▸ Task to carry out
Every record below should be transcribed exactly. Omit the images.
--------------------
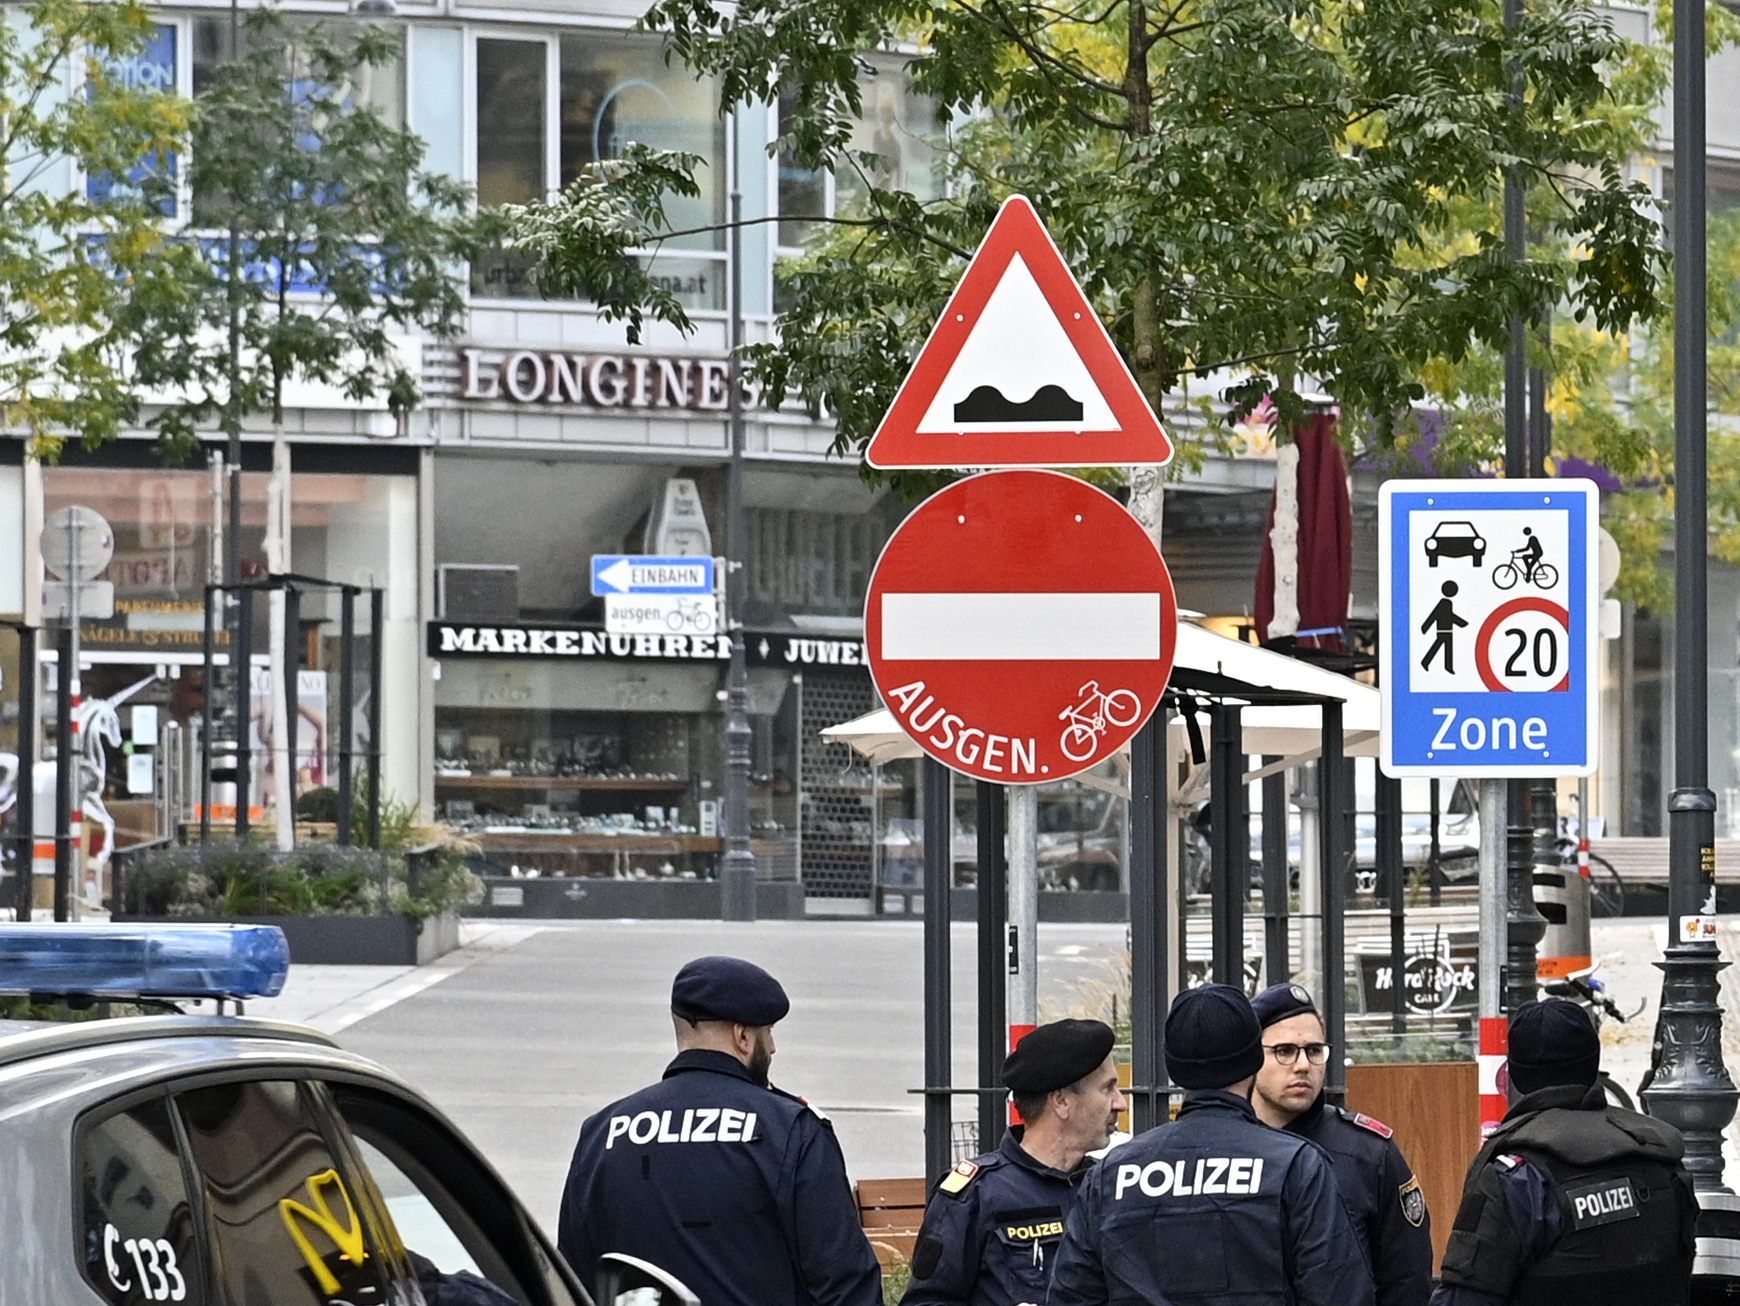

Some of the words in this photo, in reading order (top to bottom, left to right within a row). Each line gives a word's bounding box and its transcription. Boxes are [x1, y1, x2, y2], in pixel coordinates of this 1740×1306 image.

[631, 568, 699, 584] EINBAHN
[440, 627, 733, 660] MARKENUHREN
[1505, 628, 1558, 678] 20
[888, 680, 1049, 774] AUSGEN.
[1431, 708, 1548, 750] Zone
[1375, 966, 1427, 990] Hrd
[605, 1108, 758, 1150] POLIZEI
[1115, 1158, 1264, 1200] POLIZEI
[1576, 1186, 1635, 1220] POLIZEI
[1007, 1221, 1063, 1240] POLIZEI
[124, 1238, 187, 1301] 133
--------------------
▸ Response area
Some of the words in this photo, in reading order (top to bottom, left to right within a row). Each line gives a word's bounding box and its transcription. Boxes are [x1, y1, x2, y2], in pixel coordinates of this 1740×1306 image.

[631, 568, 699, 584] EINBAHN
[440, 627, 733, 660] MARKENUHREN
[1505, 628, 1558, 678] 20
[888, 680, 1049, 774] AUSGEN.
[1431, 708, 1548, 750] Zone
[1375, 966, 1427, 990] Hrd
[605, 1108, 758, 1150] POLIZEI
[1115, 1158, 1264, 1200] POLIZEI
[1576, 1186, 1635, 1220] POLIZEI
[1007, 1221, 1063, 1240] POLIZEI
[124, 1238, 187, 1301] 133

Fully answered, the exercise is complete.